Memórias de um sobrevivente

Déborah Araujo

  • Sobrevivente do Holocausto, o judeu-polonês Julio Gartner narra sua trajetória pela Europa durante a Segunda Guerra para a jovem brasileira Marina Kagan.Fotos, livros, filmes e outras incontáveis fontes de informação mostram do ponto de vista do observador o que foi um dos maiores e mais terríveis genocídios da humanidade. Mas poucas são as testemunhas oculares e vítimas desse crime que compartilharam suas lembranças com a sociedade. Menos ainda são as que continuam vivas. Ainda assim, há exceções.  É o caso do polonês Julio Gartner, 90 anos, judeu, personagem central do documentário Sobrevivi ao Holocausto, que chega às telas de cinema no dia 21 de agosto. Dirigido pelo escritor e cineasta Marcio Pitliuk, especialista neste tema, o filme se passa em 15 cidades da Polônia, Áustria, Itália, França e Brasil, traçando a vida desse sobrevivente desde sua infância em Cracóvia, na Polônia, até sua chegada ao Brasil, em 1947. “A memória do Julio é muito boa. Ele também estudou depois da Guerra e associou lugares e datas com a história dele”, ressalta o diretor.

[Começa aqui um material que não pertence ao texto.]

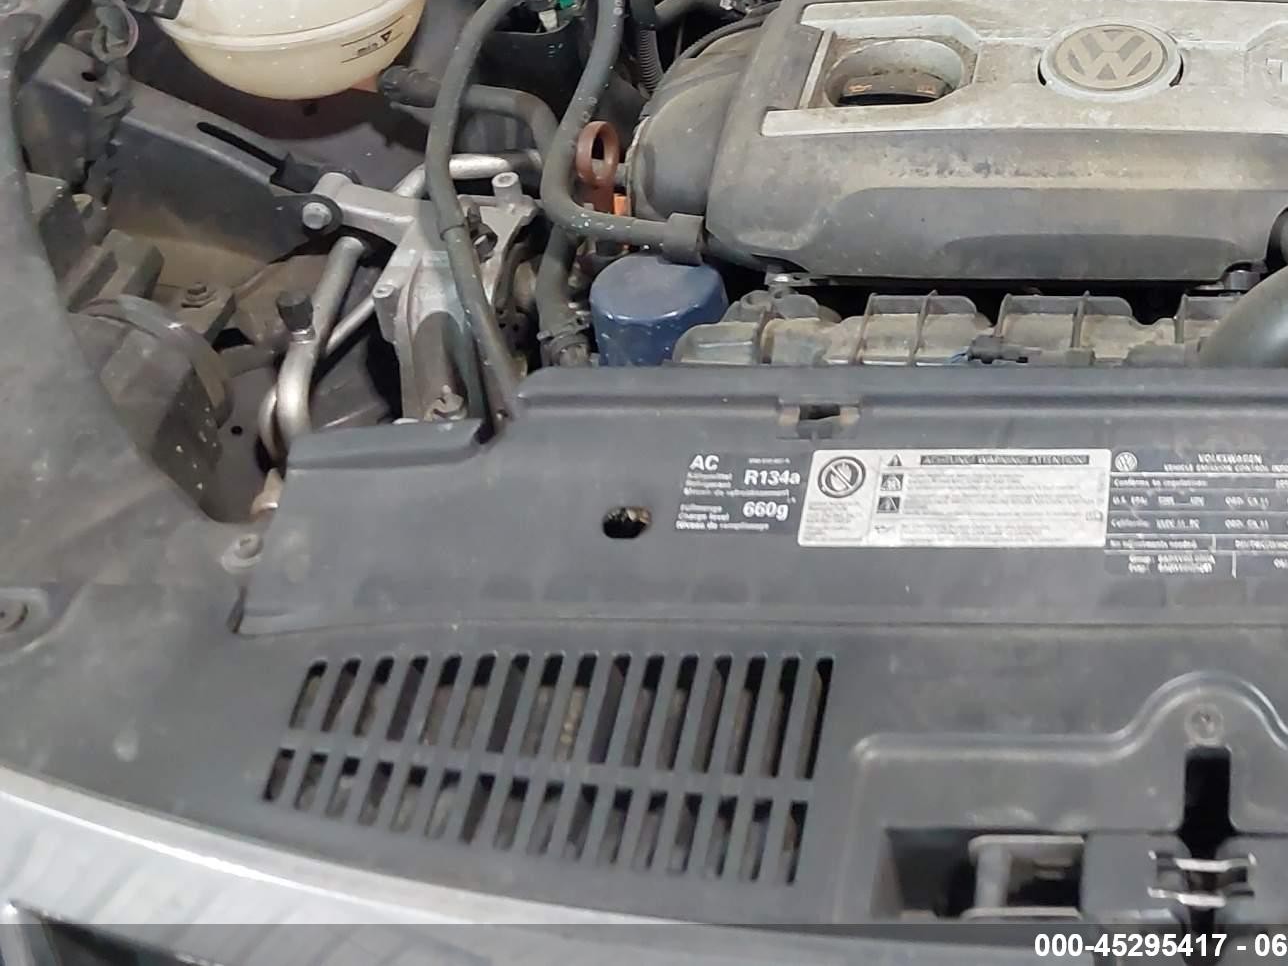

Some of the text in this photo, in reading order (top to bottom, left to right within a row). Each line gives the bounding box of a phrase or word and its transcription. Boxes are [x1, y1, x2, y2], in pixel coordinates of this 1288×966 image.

[689, 454, 720, 471] AC
[744, 469, 801, 486] R134a
[743, 501, 790, 521] 660g
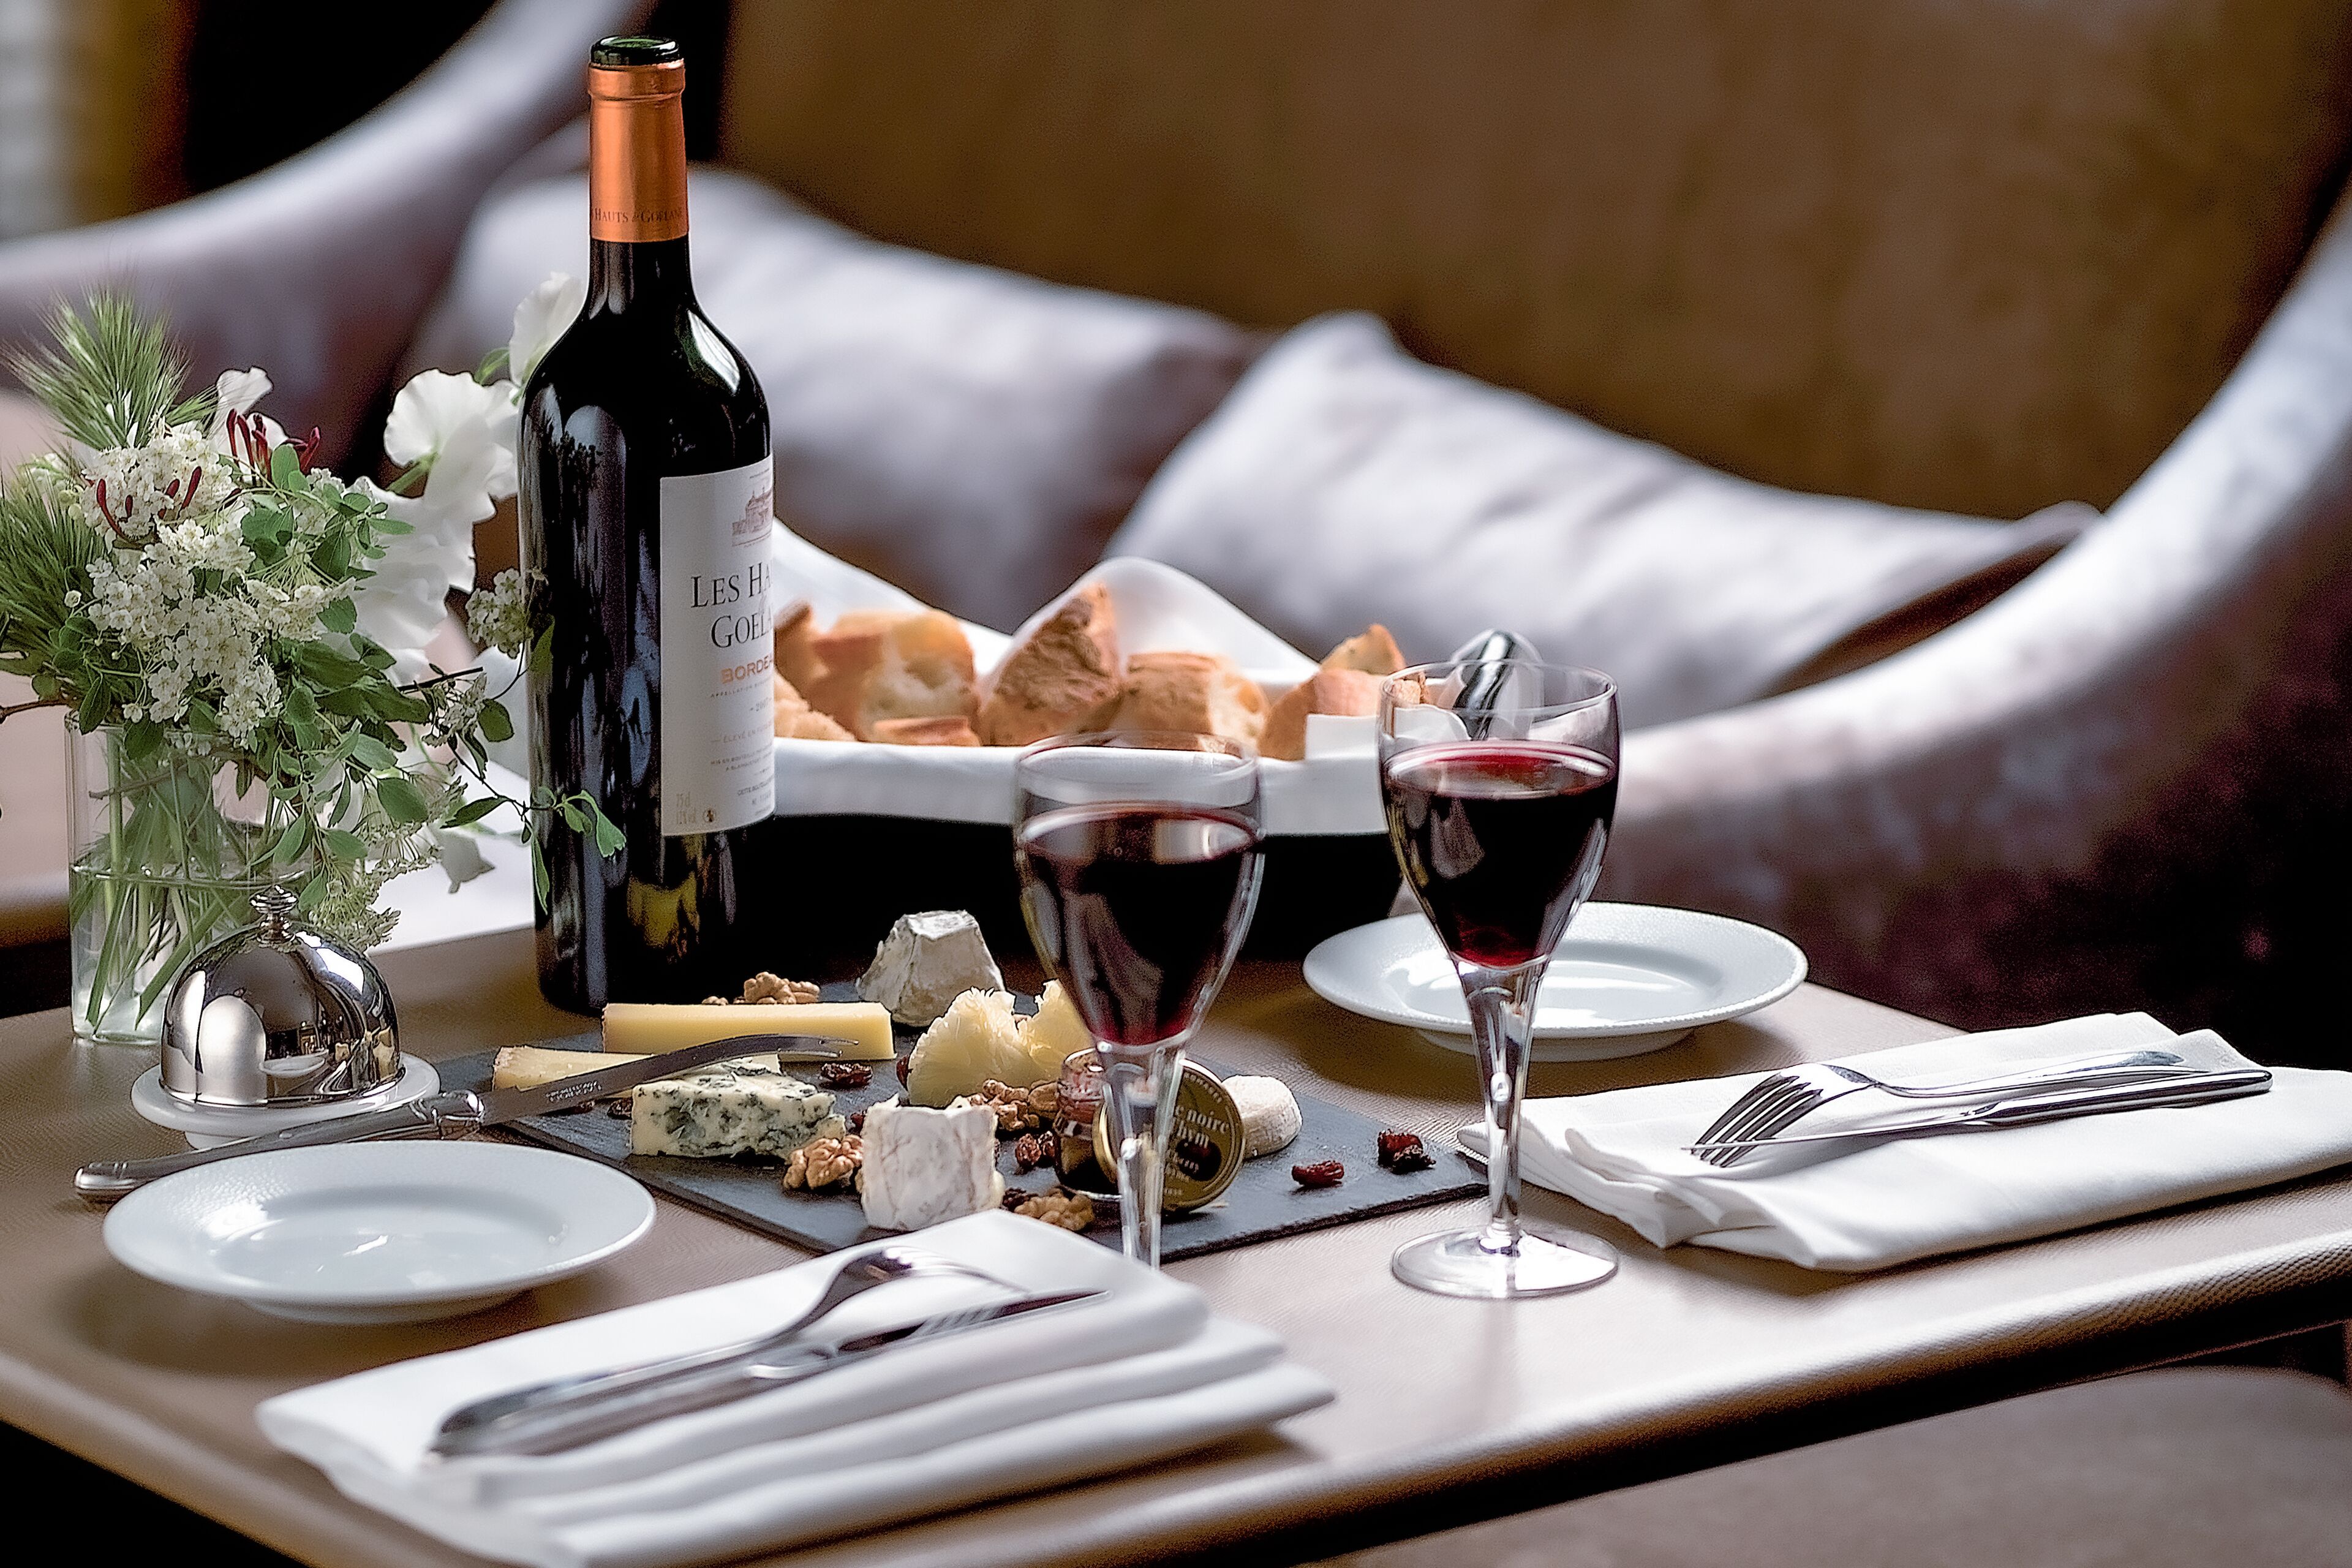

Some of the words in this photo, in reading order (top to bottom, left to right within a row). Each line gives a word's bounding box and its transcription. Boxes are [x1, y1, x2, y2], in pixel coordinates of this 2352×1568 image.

[690, 575, 740, 608] LES
[748, 562, 771, 598] HA
[1177, 1120, 1210, 1149] hym
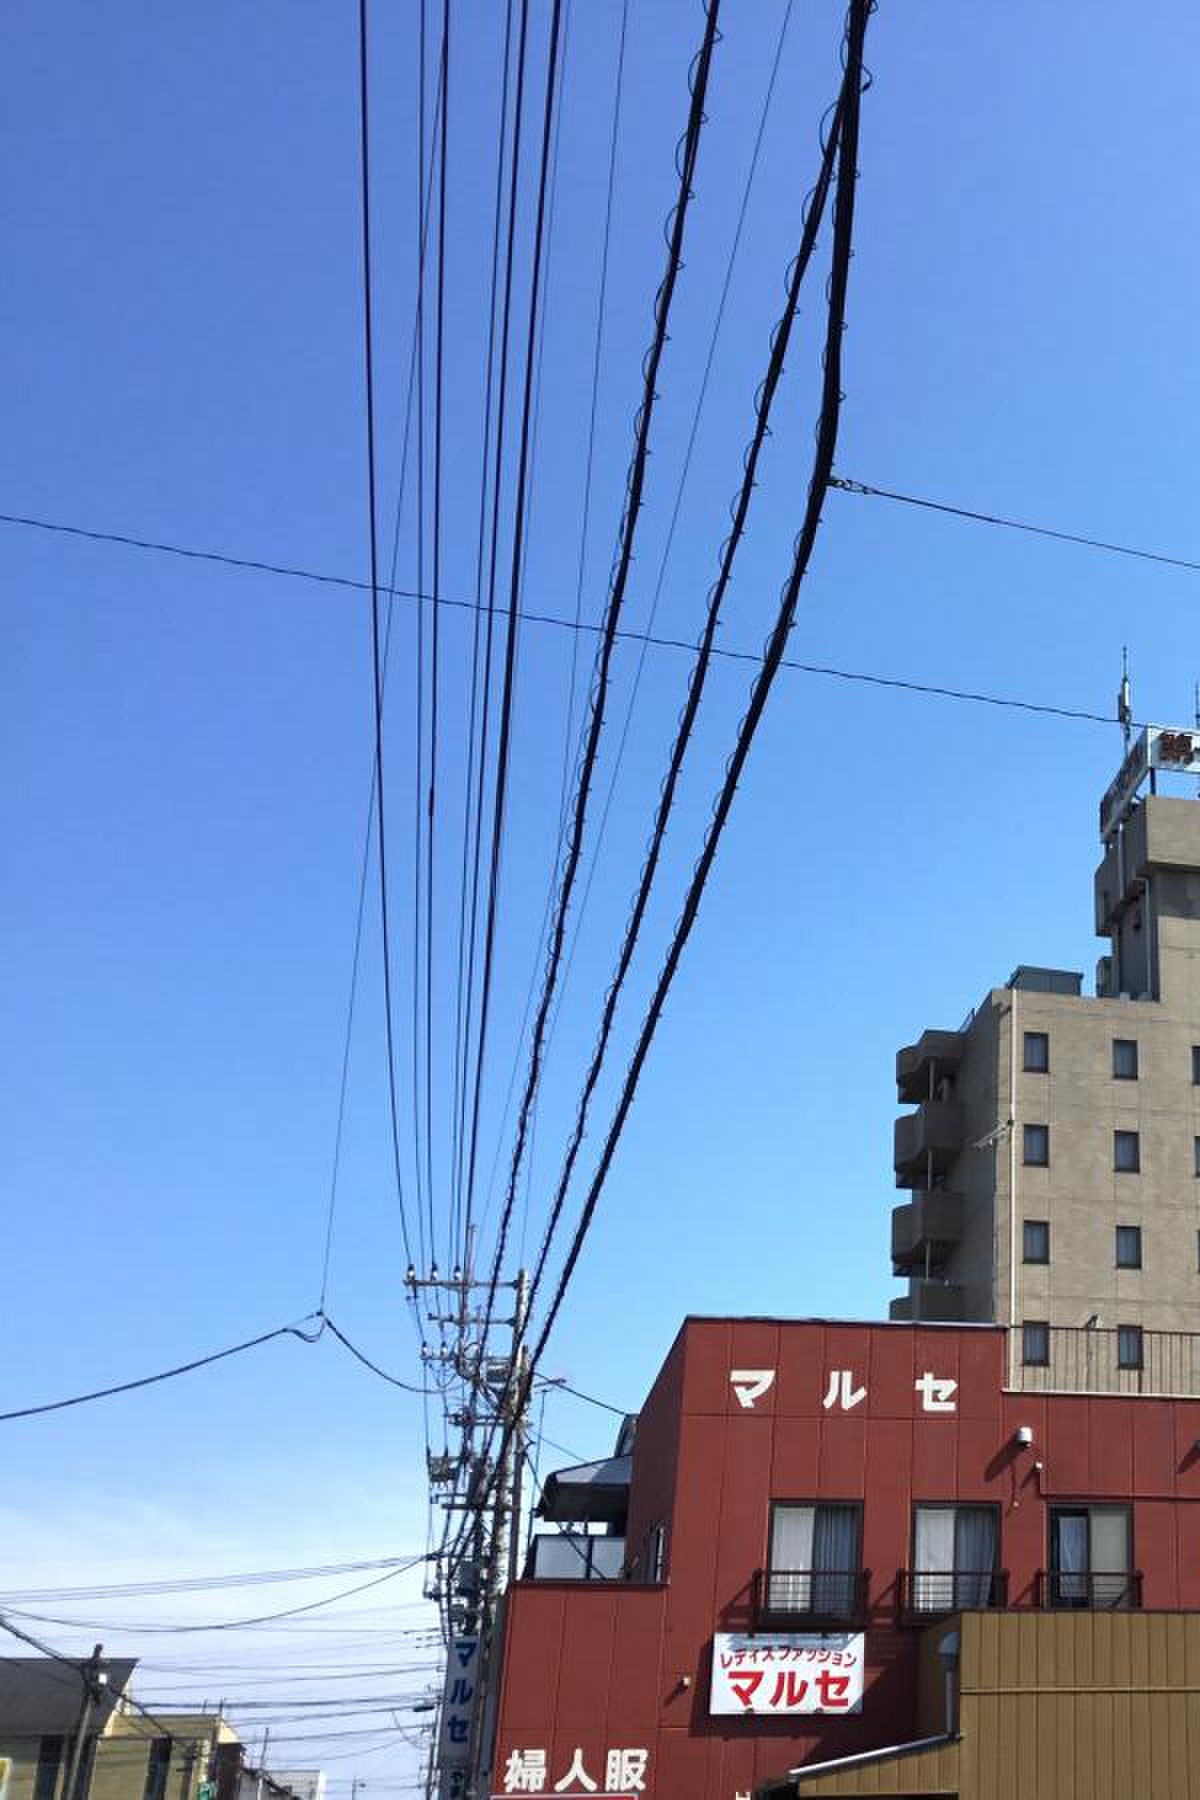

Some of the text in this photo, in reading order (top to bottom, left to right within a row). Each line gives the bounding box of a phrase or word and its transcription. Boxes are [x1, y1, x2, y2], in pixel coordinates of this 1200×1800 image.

[729, 1370, 958, 1411] マルセ
[448, 1641, 476, 1742] マルセ
[727, 1670, 851, 1707] マルセ
[504, 1748, 649, 1792] 婦人服
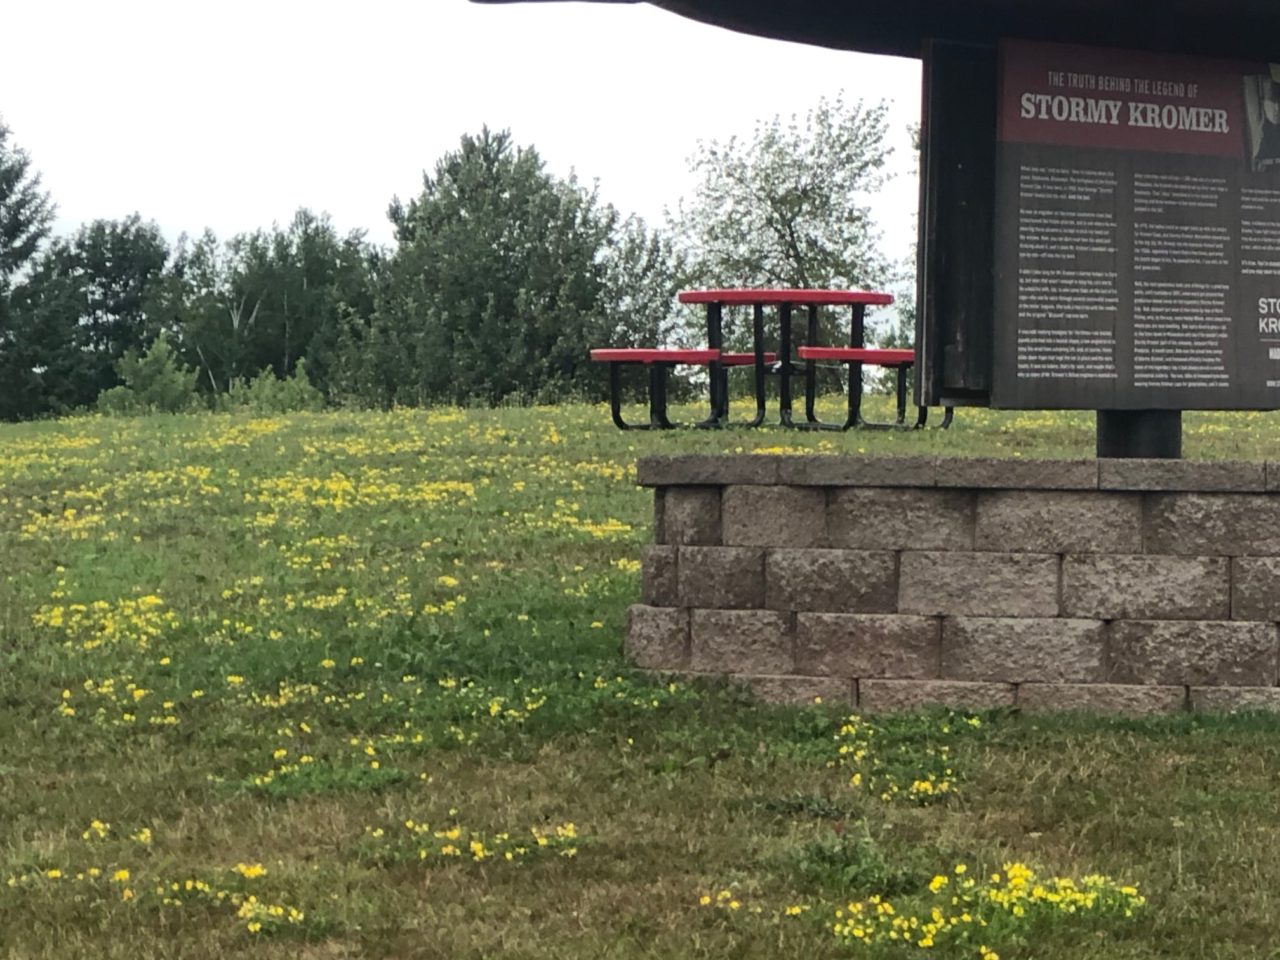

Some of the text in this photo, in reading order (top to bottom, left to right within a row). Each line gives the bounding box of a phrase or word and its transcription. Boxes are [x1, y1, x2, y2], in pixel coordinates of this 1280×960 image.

    O projeto começou a ser desenvolvido em 2008, quando Pitliuk, então voltado para outro documentário sobre o tema, Marcha da Vida, conheceu Julio Gartner no evento homônimo que levou milhares de pessoas para conhecer campos de concentração na Polônia. O momento foi decisivo para Gartner: “Eu não queria transmitir para os meus filhos o meu passado. Quando eu estive na Marcha da Vida, e passei de novo por aqueles campos de concentração, eu entendi que para esse episódio não mais acontecer, ele precisa ser divulgado”.

    O documentário chama a atenção também para o que aconteceu com muitos sobreviventes no pós-Guerra. Construções – como o Cinecittá, um complexo de teatros e estúdios de cinema na periferia de Roma construído na década de 1930 – foram utilizadas como campos de acolhimento. Lá, Julio Gartner ficou durante 12 dos 18 meses em que permaneceu na Itália se recuperando dos maus-tratos que sofrera, antes de vir para o Brasil. No decorrer da guerra, Gartner ficou preso no Gueto de Cracóvia (poucos dias antes de ser fechado). Após uma fuga, conseguiu se esconder em várias cidades controladas pelos nazistas, até ser preso de novo e enviado para o campo de concentração Plaszow, na Polônia, o mesmo que foi retratado no filme A Lista de Schindler (1993).

    Durante três semanas, Julio conta sua história – com extrema lucidez – para as câmeras e para a brasileira Marina Kagan, produtora de cinema que guia os relatos de Gartner ao longo do filme. Para ela, que faz parte da geração dos netos e bisnetos dos sobreviventes, não se pode deixar a história “morrer” com os poucos que ainda estão vivos. “A nova geração não se dá conta de como o Holocausto e o antissemitismo ainda estão presentes”.

    Para o professor de História da Universidade Estadual de Campinas, Márcio Seligmann-Silva, são necessários e transformadores os depoimentos de sobreviventes do Holocausto e outros crimes de genocídio, uma vez que “faz parte deste tipo de crime uma política de apagamento das suas marcas. O testemunho significa o triunfo da vida. Daí a ambiguidade desses testemunhos de sobreviventes: eles falam de muita morte, mas também da força da vida. Eles devem ser lidos e vistos, pois transmitem uma mensagem que reforça a luta pelos direitos humanos”. 

    O documentário passa por 15 diferentes cidades da Polônia, Áustria, Itália e França, além de campos de concentração.